Initial conditions and tools
Samsung SM-A505FN smartphone (trade name Samsung Galaxy A50) with firmware reset to factory settings and an installed Russian software package, without synchronized accounts.
At the time of traffic collection, the smartphone was not used (except for launching the camera, calendar, messages, contacts, and calculator). Most requests were made in the background.
BurpSuite and Wireshark were used to investigate traffic, and when working with base64, gzip and xxd archives.
Resource traffic analysis related to Google
First, DNS queries were analyzed.
Here you can see which domains the device is querying and DNS server responses with IP addresses for each requested domain respectively:
- time.google.com
- mtalk.google.com
- www.google .com
- youtubei.google.com
- www.googleapis.com
- android.clients. google.com
- play-lh.googleapis.com
- play-lh.googleusercontent.com
It is clear that this is not all with whom the smartphone wants to communicate and share data, but this article focuses on *googleand a little on *samsungwith *yandex*.
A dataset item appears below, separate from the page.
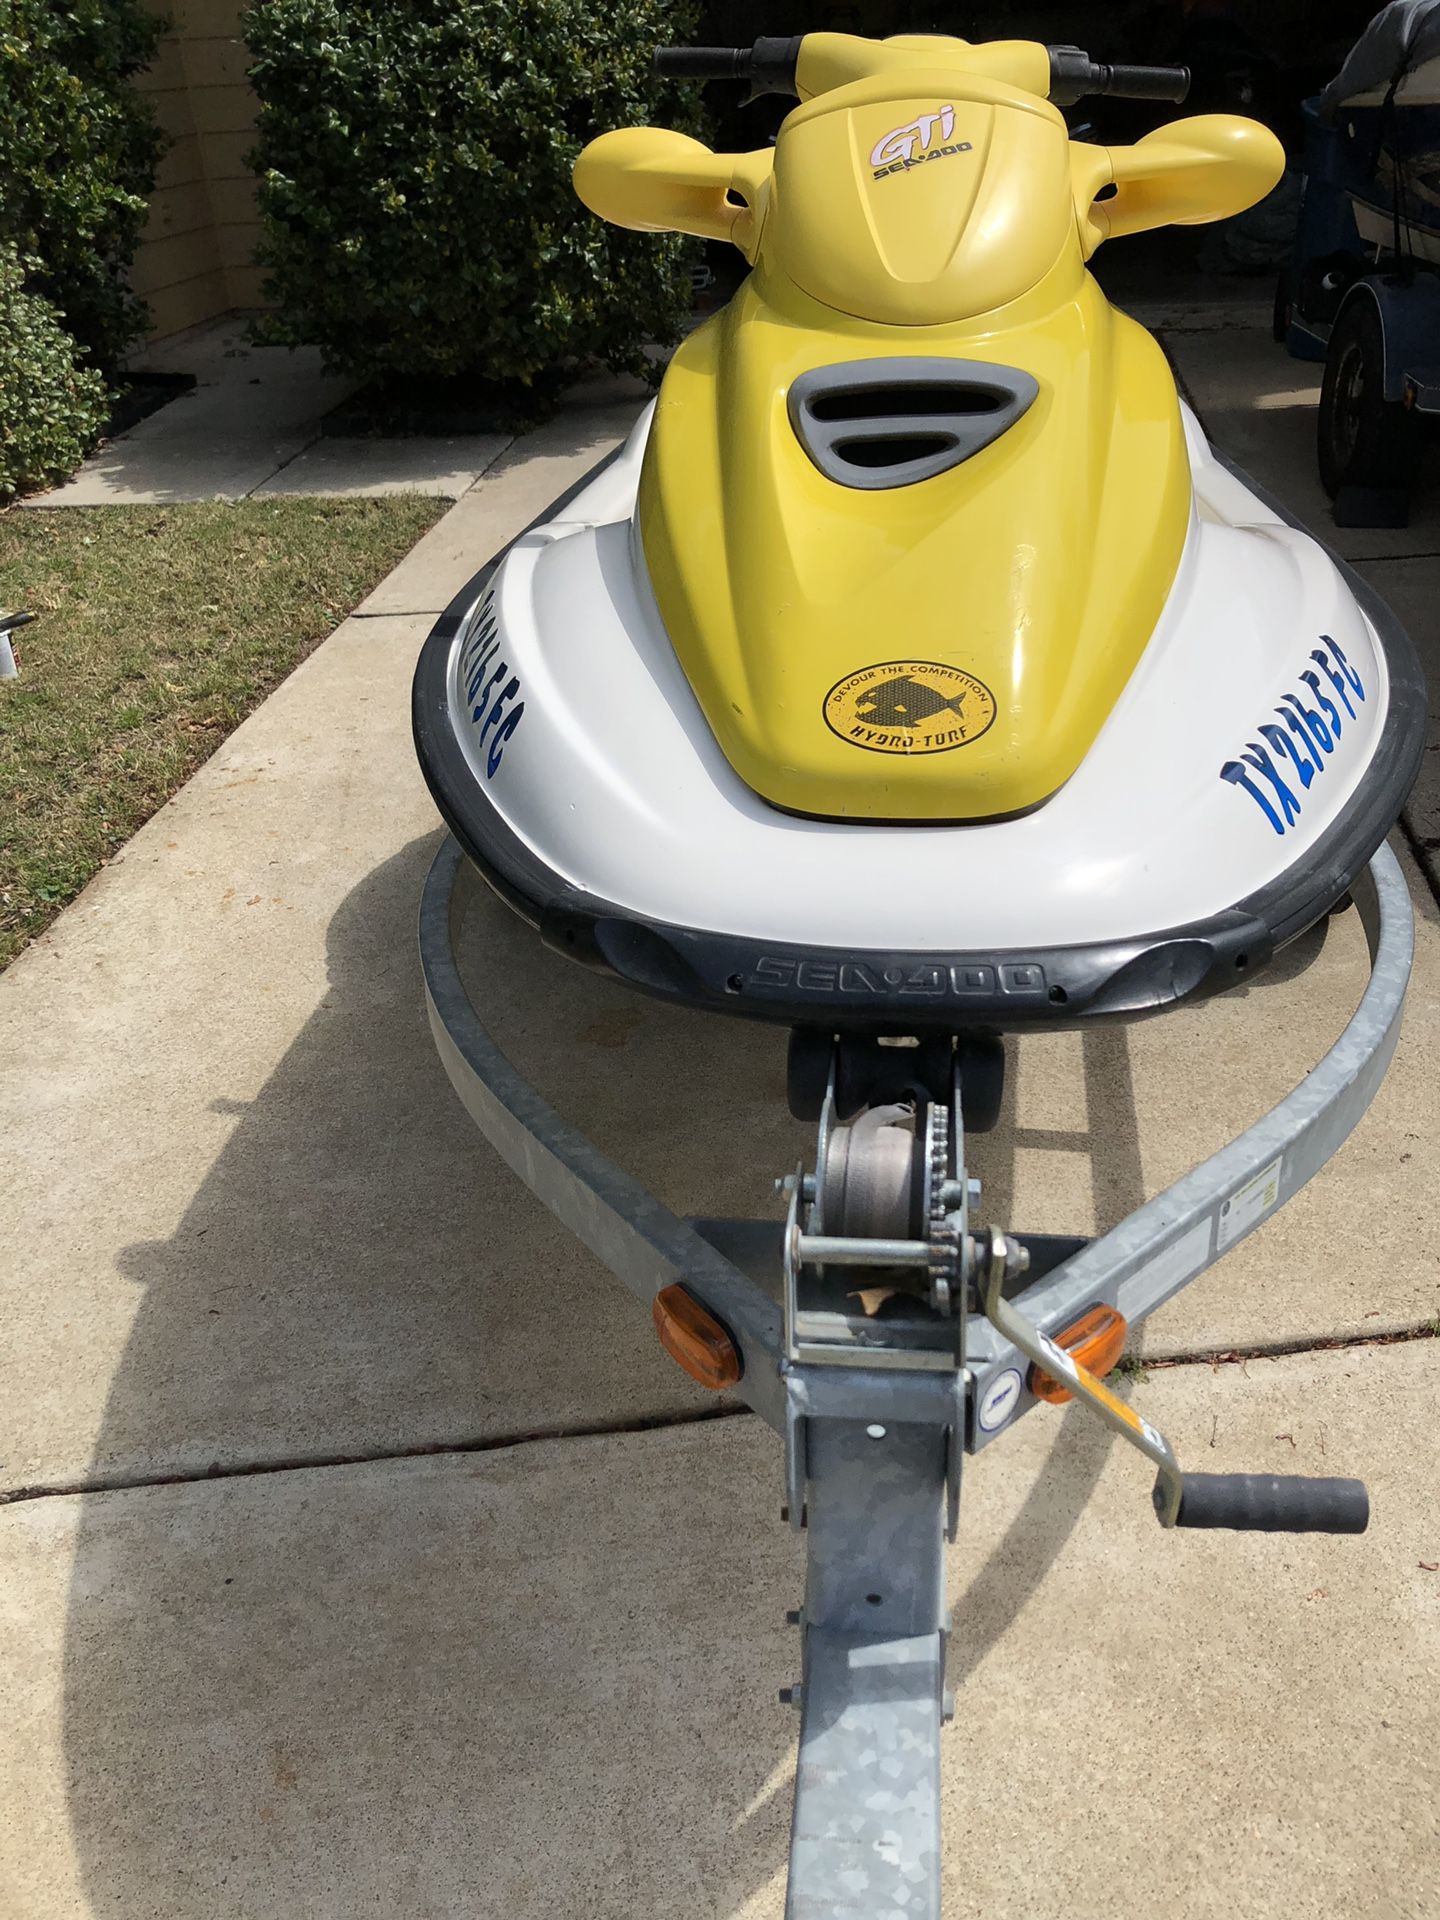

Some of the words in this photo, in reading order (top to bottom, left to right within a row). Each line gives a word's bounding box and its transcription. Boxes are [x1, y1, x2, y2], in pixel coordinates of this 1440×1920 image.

I would like to note right away that even though a smartphone requests so many domains, it does not exchange specific data with all of them. Some services are needed to check the Internet connection or to synchronize the time.
This is how the smartphone checks the Internet connection:
Or synchronizes time with time.android.com or *.pool.ntp.org.
The first *googledomain in BurpSuite’s request history you can see crashlyticsreports-pa.googleapis.com.
Some random unreadable characters are visible in the body of the POST request. If you look more closely at the request, you can see the gzip format in the Accept-Encoding header, which means that this is an archive and there is a high probability that something is in it.
To get the data from the archive carefully and not damage them , the best solution would be to select everything from the eleventh line to the end and encode it in base64.
You can notice at the beginning of the line a characteristic set of bytes for base64 encoded “.gz” archive. You can extract a JSON file from it.
The firebase service collected information about the device (model number, chipset installed on the device, model , name of the firmware), then information about errors in applications is already presented, and more specifically, the methods in which the failure occurred and the level of its criticality are listed.
The next “Google” query was this one:
Here, the query sends the application name, its (application’s) version, Android version and identifier with the “usage_tracking_enabled=0” parameter. Apparently this is an advertising identifier to show ads in youtube.
Here, the smartphone checks for the presence and necessity of updating the system WebView:
And here is another request with the archive only on play.googleapis.com.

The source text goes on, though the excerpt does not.